I'm still wondering why you're f**king around with T12s.


----------



## BuzzKill

erics37 said:


> I'm still wondering why you're f**king around with T12s.


cheap client


----------



## erics37

BuzzKill said:


> cheap client


A T8 ballast and lamps aren't exactly going to break the bank.


----------



## BuzzKill

erics37 said:


> A T8 ballast and lamps aren't exactly going to break the bank.


more labor involved...I dunno.


----------



## user4818

erics37 said:


> A T8 ballast and lamps aren't exactly going to break the bank.


Yeah, a 4 lamp costs a whopping $16.


----------



## greenman

Did u look at the wire diagram, you half to re-wire it 
you cant not just replace it like for like.


----------



## user4818

An electronic T12 ballast is wired exactly the same as a magnetic T12. It's would be pretty hard to mess that up.


----------



## greenman

Peter D said:


> An electronic T12 ballast is wired exactly the same as a magnetic T12. It's would be pretty hard to mess that up.


 I changed out an old magnetic ballast today for an electronic ballast (T-12).


----------



## erics37

greenman said:


> I changed out an old magnetic ballast today for an electronic ballast (T-12).


Good job!


----------



## BuzzKill

erics37 said:


> Good job!


and nothing blew up.


----------



## dthurmond

We are in the process of changing our whole plant over to T 8 from T 12. We have had this problem also with the electronic ballast burning out with in minutes or sometimes a couple of hours . What we found on the original wiring of the tomb stones the yellow wires were connected in series through the bulbs instead of parallel . It is real easy not to notice this . This did not seem to bother the magnetic t 12 but the electronic t 12 would burn up .


----------



## BBQ

Little-Lectric said:


> If this were my first electronic ballast to put in I might agree with you. However it's not. But I always look for what I might have done wrong before changing parts. I checked my connections before I took out the first one that popped. I double checked on the second on (actually more than twice) before I turned it on. Everything is wired as shown on the ballast. Same way I've wired them before with no problems.
> 
> Funny thing is the first one went out pretty fast. The second one took a couple of hours.


Regarless of what has worked before checK the wiring, check to see if the fixtures have shunted sockets and see if tha ballast can use shunted sockets. 

A shunted socket has both terminals electrically connected inside and often has a large S printed on the back side.


----------



## BBQ

Peter D said:


> An electronic T12 ballast is wired exactly the same as a magnetic T12. It's would be pretty hard to mess that up.


Don't count on it, some are the same, some are not. 

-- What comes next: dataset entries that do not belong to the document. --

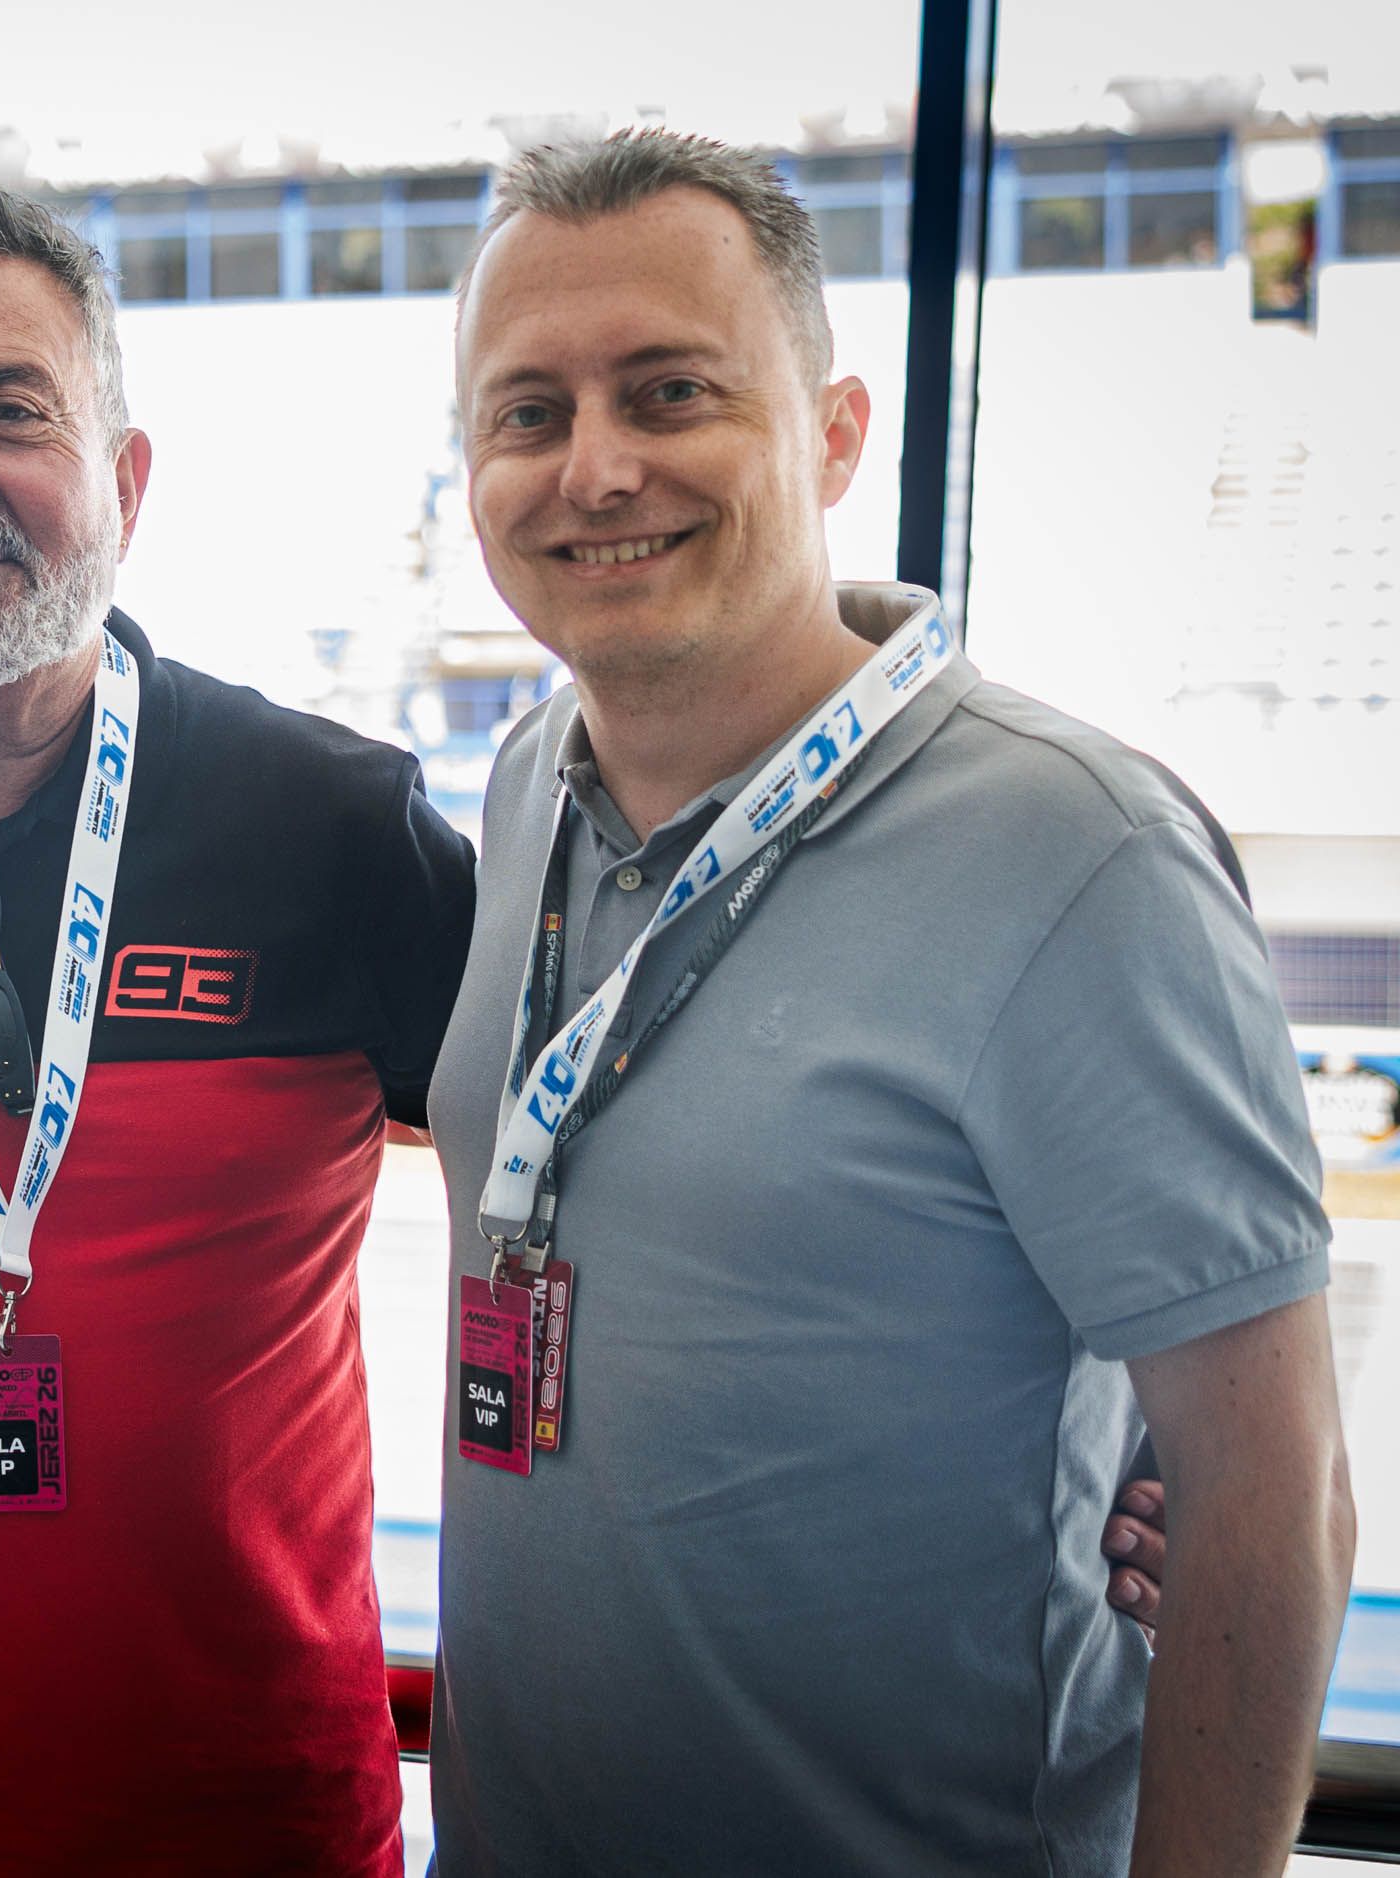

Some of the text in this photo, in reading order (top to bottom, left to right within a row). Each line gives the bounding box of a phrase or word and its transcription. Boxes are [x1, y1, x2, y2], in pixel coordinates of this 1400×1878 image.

[97, 707, 129, 786] 40
[798, 698, 863, 785] 40
[99, 785, 114, 843] JEREZ
[67, 882, 104, 964] 40
[545, 932, 557, 971] SPAIN
[71, 962, 87, 1024] JEREZ
[108, 946, 257, 1022] 93
[39, 1062, 76, 1150] 40
[527, 1049, 577, 1136] 40
[541, 1281, 567, 1410] 2026
[37, 1366, 61, 1495] JEREZ 26
[468, 1382, 506, 1408] SALA
[475, 1407, 499, 1428] VIP

It depends on the ballast.


----------



## Aegis

dthurmond said:


> We are in the process of changing our whole plant over to T 8 from T 12. We have had this problem also with the electronic ballast burning out with in minutes or sometimes a couple of hours . What we found on the original wiring of the tomb stones the yellow wires were connected in series through the bulbs instead of parallel . It is real easy not to notice this . This did not seem to bother the magnetic t 12 but the electronic t 12 would burn up .


 We have a client that gives us a ton of work, big jobs. But when it comes to their own office they are so cheap! Instead of us providing the ballasts they go and get a full fixture from home depot. I think the fixture is $15-$18 and they want us to rip the ballasts out and use them to replace the tombstones in their place. These Home Depot ones are in series just like you said.


----------



## user4818

BBQ said:


> Don't count on it, some are the same, some are not.
> 
> It depends on the ballast.


:001_huh:

Come to think of it, an 8' ballast is wired differently, but the 4' is exactly the same.


----------



## TOOL_5150

Peter D said:


> :001_huh:
> 
> Come to think of it, an 8' ballast is wired differently, but the 4' is exactly the same.

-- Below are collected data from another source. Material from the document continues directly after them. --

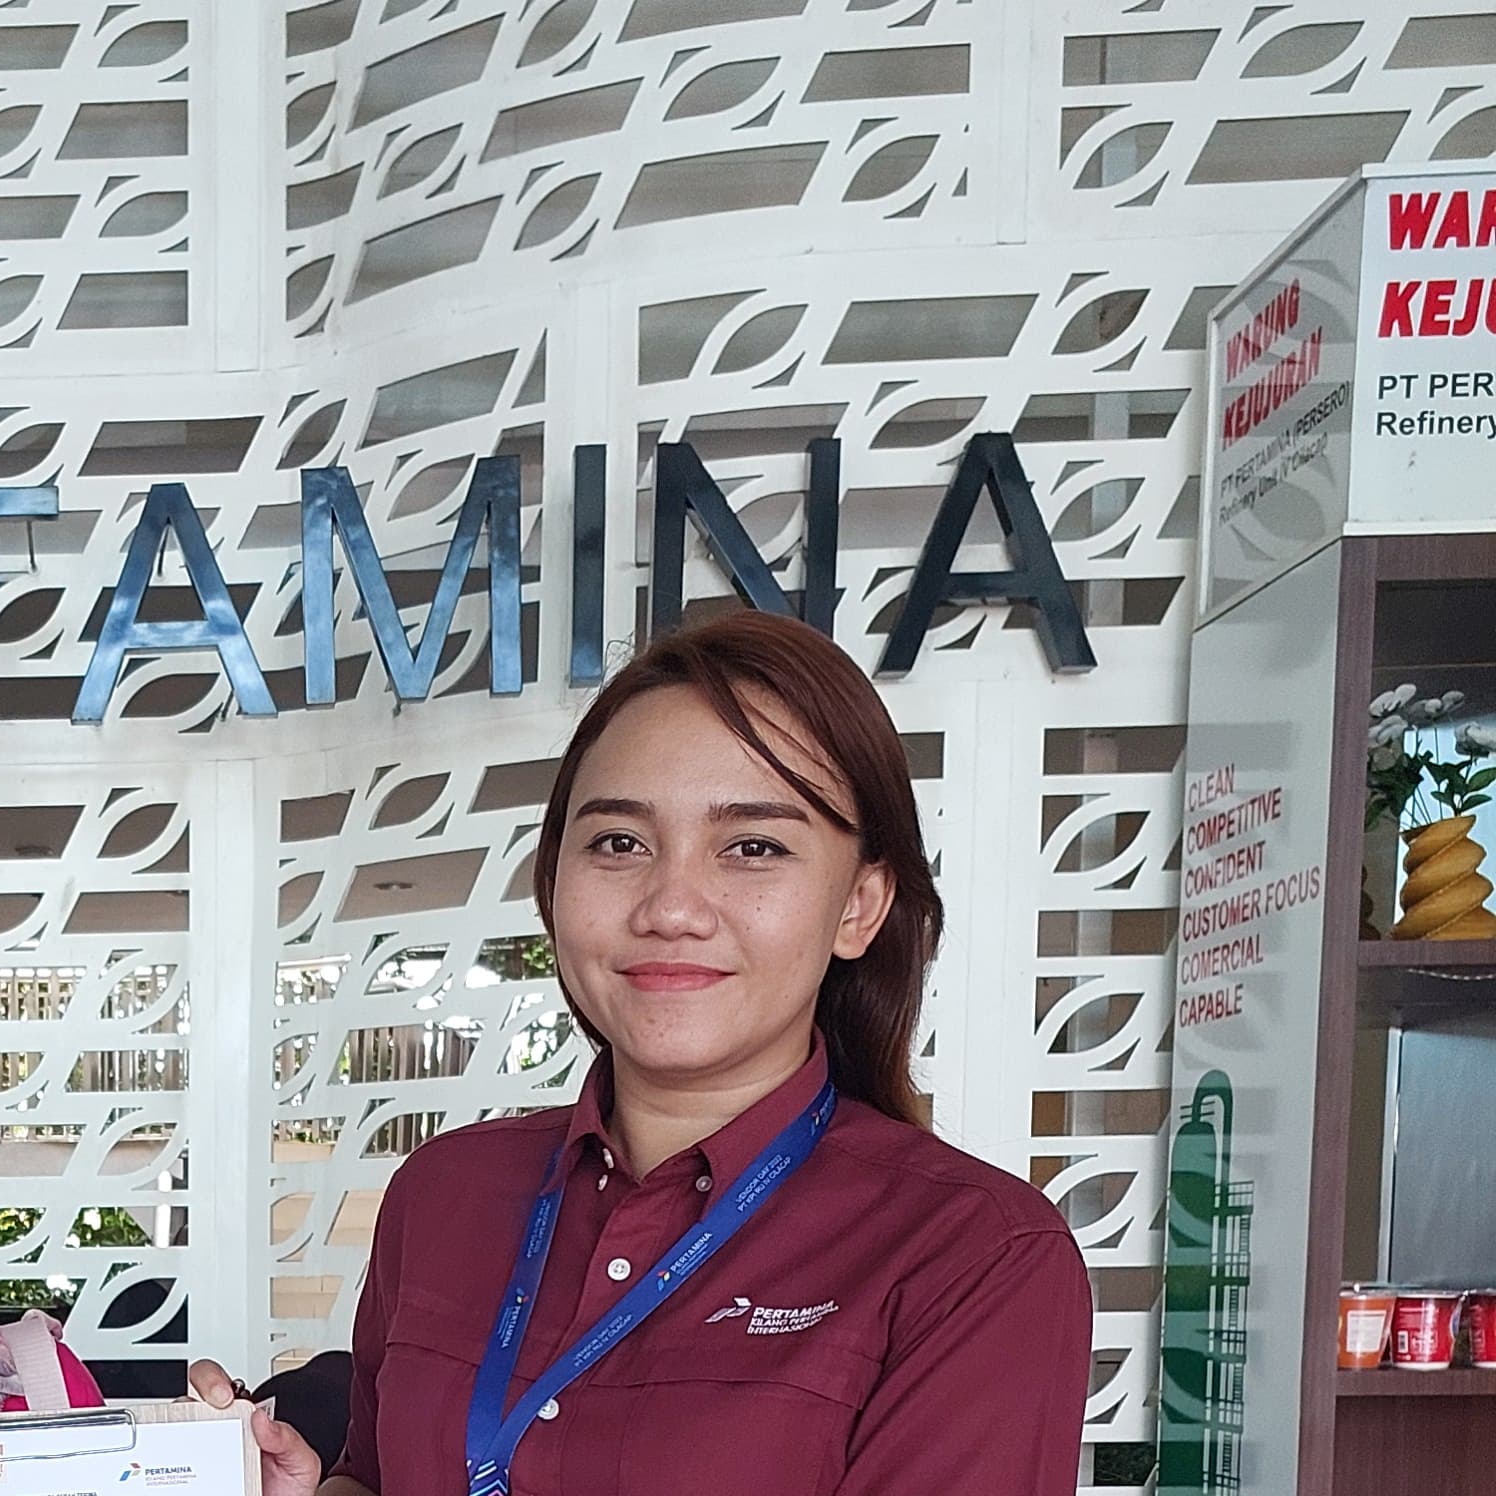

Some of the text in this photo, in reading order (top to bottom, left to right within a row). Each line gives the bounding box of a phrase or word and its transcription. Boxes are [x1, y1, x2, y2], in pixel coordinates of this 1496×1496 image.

[1226, 278, 1300, 384] WARUNG
[1223, 325, 1322, 451] KEJUJURAN
[1378, 374, 1418, 400] PT
[1235, 429, 1291, 489] PERTAMINA
[1293, 380, 1351, 444] (PERSERO)
[1376, 410, 1496, 440] Refinery
[1219, 487, 1256, 527] Refinery
[1257, 468, 1278, 499] Unit
[1188, 763, 1235, 812] CLEAN
[1186, 787, 1282, 855] COMPETITIVE
[1185, 840, 1266, 898] CONFIDENT
[1183, 865, 1321, 942] CUSTOMER FOCUS
[1181, 934, 1264, 985] COMERCIAL
[1179, 984, 1244, 1028] CAPABLE
[670, 1232, 712, 1272] PERTAMINA
[754, 1300, 835, 1319] PERTAMINA
[145, 1466, 192, 1475] PERTAMINA

8' tubes are garbage anyway...:thumbsup:


----------



## user4818

TOOL_5150 said:


> 8' tubes are garbage anyway...:thumbsup:


I agree, 8' tubes are a dinosaur now, and should always be retrofitted with 4 footers. They're only good for cheap customers who won't upgrade.


----------



## Shockdoc

Peter D said:


> I agree, 8' tubes are a dinosaur now, and should always be retrofitted with 4 footers. They're only good for cheap customers who won't upgrade.


What was the design thing with the old,old T12f96ho that had a spiral the length of the bulb?


----------



## Shockdoc

Do they offer a electronic replacement for the unpopular 22 and 32 watt circleline?


----------



## user4818

Shockdoc said:


> What was the design thing with the old,old T12f96ho that had a spiral the length of the bulb?


Never seen one. :001_huh:


----------



## Shockdoc

Peter D said:


> Never seen one. :001_huh:


Early 70s thing


----------



## A Little Short

Peter D said:


> An electronic T12 ballast is wired exactly the same as a magnetic T12. It's would be pretty hard to mess that up.





BBQ said:


> Don't count on it, some are the same, some are not.
> 
> It depends on the ballast.


Well this one wires exactly the same as the magnetic one.

Changed the ballast again after checking line voltage, sockets, etc. 
No problems with last one so far, so chalk it up to Advance ballast made in China.
The last one was made in Mexico.


----------



## olelarsonelectric

just had the same problem with some 4ft 2 lamp t12 advance ballasts today. re-wired 100% correct. customer had 2 boxes of t12 bulbs to use up and a pile of ballasts, all of them popped. im wondering if bad system ground is the issue? ballast says it must be grounded, metered hot to ground, got 120, still popped.


----------



## Holop

Make sure there is no short between pins of the lamp to the fixture sometimes old sockets break and lamp short on ground. Also just replace the tombstones because old tombstones sometimes are weird enough to somehow short out and give you headaches. Also I found in past sometimes bad bulb can make a ballast fail so just replace bulbs. Check for reversed hot and neutral and ofcourse check wiring especially if it's 4 lamp fixtures because sometimes you can mistake wires from both ballasts and out them into same socket or w/e.


----------



## Holop

BBQ said:


> Regarless of what has worked before checK the wiring, check to see if the fixtures have shunted sockets and see if tha ballast can use shunted sockets. A shunted socket has both terminals electrically connected inside and often has a large S printed on the back side.


I have never seen t12 using shunted sockets. I believe all t12s are rapid start and never instant.


----------



## swarner11

You should use good and reliable electronic products......... :thumbsup:


----------